November 5th is the D-day of the year and probably of the decade. The election outcomes will predetermine the course of the US long-term (geo)political policy.
Elections are not discrete events. They are another link in the unfolding timeline. They are cause and effect simultaneously. The election’s outcome marks another phase transition. What does it mean?
Any complex system shifts between four states:
Stable balance
Unstable balance
Stable imbalance
Unstable imbalance
The US political system is in an unstable balance phase. November 5th results will determine which direction the system will take:
Unstable balance or keep status quo
Stable imbalance, internal political strife
Unstable imbalance, mass-scale civil unrest
Do not treat the scenarios in isolation. Number one can lead to two or directly to three. In other words, every bullet point represents a discrete point of a timeline.

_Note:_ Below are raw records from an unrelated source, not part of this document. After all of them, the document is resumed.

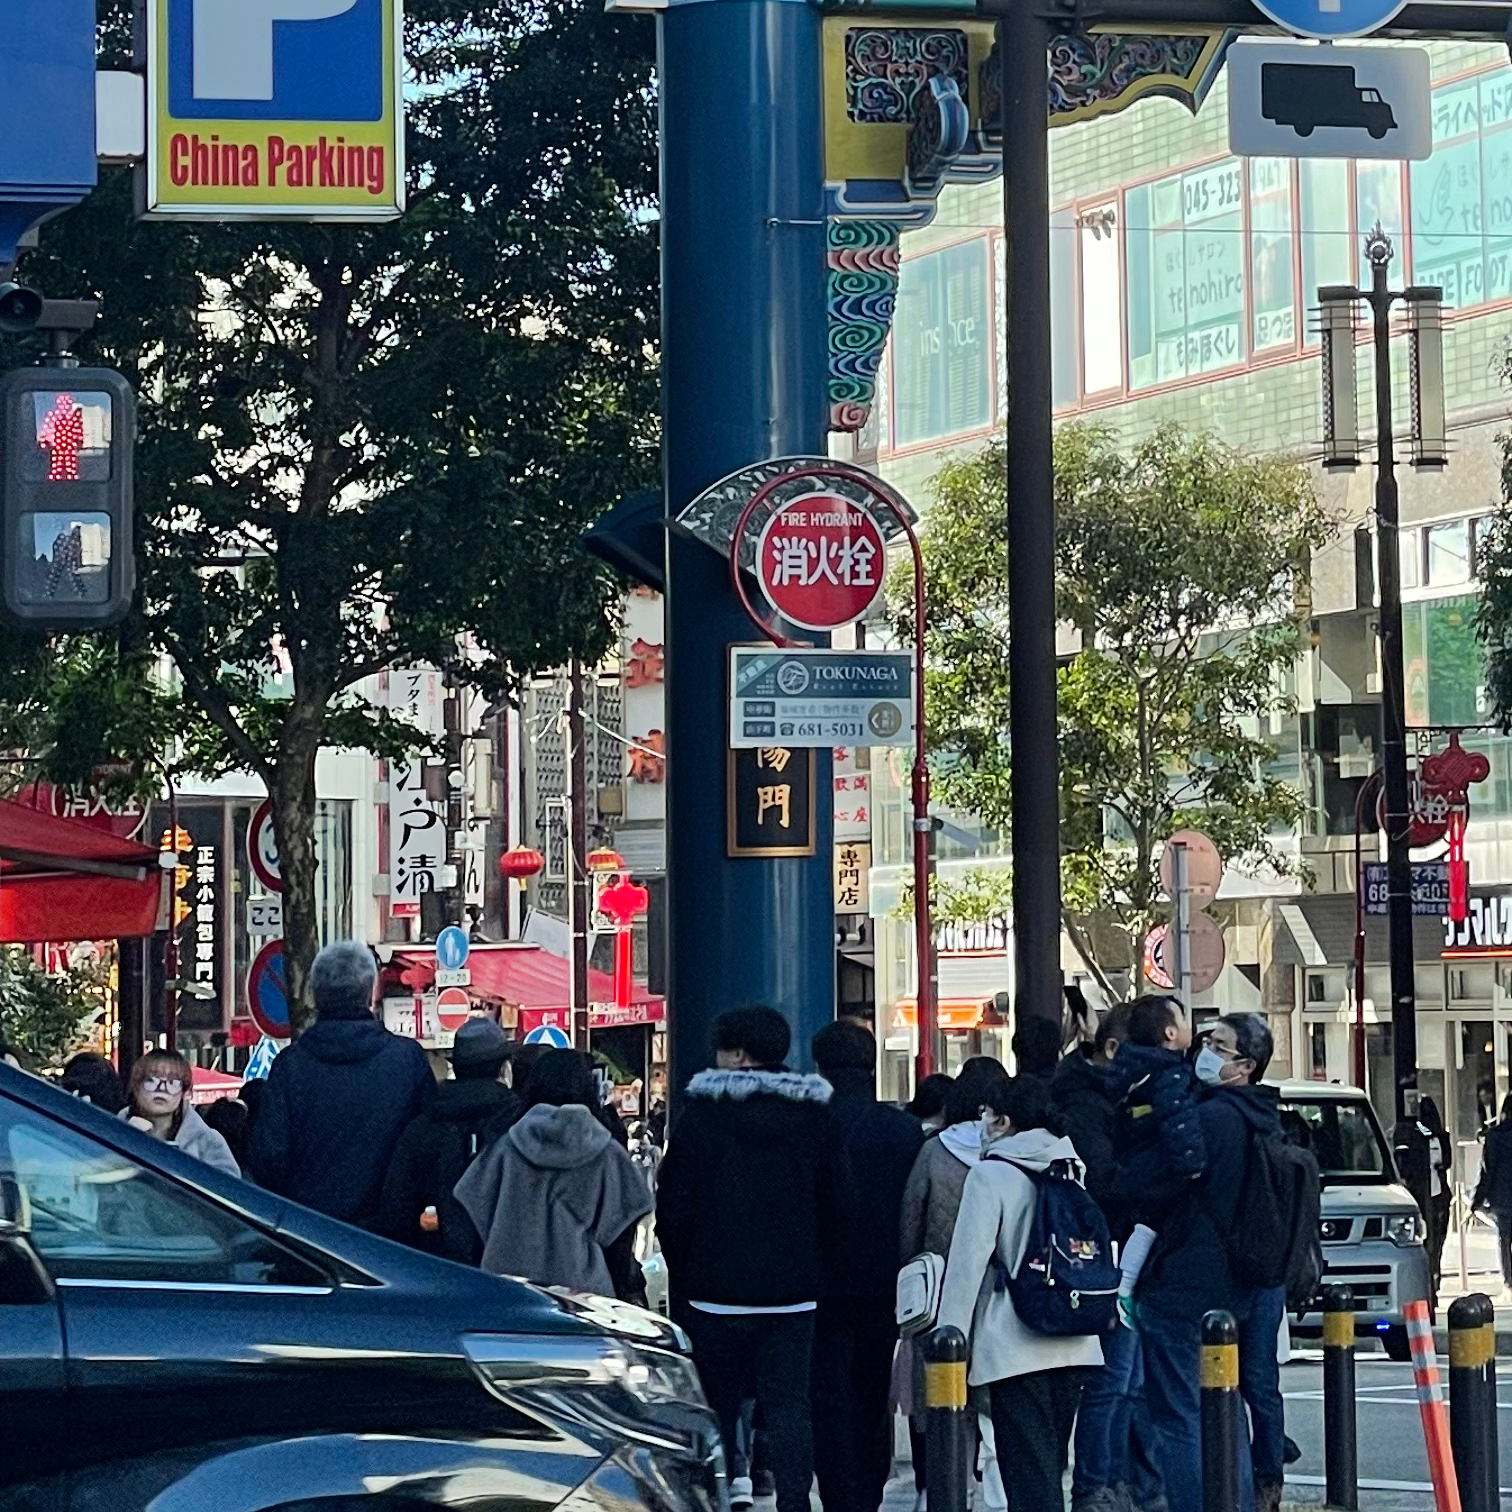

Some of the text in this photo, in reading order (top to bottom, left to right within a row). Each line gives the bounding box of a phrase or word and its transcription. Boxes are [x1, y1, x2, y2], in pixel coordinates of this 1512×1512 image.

[170, 133, 385, 195] China Parking
[781, 512, 864, 528] FIRE HYDRANT
[772, 536, 875, 587] 消火栓
[812, 665, 899, 681] TOKUNAGA
[798, 722, 864, 737] 681-5031

This is a reminder that political order is a self-emerging social system. The sum of the parts is higher than the whole. Predicting outcomes and attributing precise probabilities is a fool's errand. What we can do is create a map.
To draw our map, we have to start with the landscape, i.e., the most significant objects that act as constraints.
Material Constraints
Material constraints result from the present and past political decisions. Thus, they define the limits of the game. As Marco Papic says:
Our preferences are optional and subject to material constraints, while the material constraints are neither optional nor subject to our preferences.

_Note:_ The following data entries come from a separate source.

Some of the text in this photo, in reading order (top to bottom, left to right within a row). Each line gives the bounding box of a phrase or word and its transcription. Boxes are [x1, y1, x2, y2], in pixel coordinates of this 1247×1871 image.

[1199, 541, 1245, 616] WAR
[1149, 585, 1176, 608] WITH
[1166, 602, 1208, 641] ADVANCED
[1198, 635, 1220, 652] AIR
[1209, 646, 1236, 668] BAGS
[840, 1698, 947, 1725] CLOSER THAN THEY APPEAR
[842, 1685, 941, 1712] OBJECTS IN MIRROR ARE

So, what are the US political system constraints now:
Ever-growing debt and budget deficit
Increasing internal political division
Transition from unipolar to multipolar world
Structural inflation as a higher-order consequence of the above
Those four variables are here, and game participants do not have the power to change them rapidly. Political players can ignore them, but the cost of a decision is unbearably high. This is not to say Harris or Trump will act most rationally. I guess their actions will swing between rational irrationality at best and irrational irrationality at worst.
Every mentioned constraint is a symptom of our place in the macro-historical picture. In the 2020s, a few macro cycles reach inflection points:
The Fourth Turning, described by Strauss and Howe
The Elite Overproduction cycle described by Peter Turchin
Long Term deb cycle described by Ray Dalio
Their convergence point I call it The Great Intersection:
More on the macro-historical cycles can be read here.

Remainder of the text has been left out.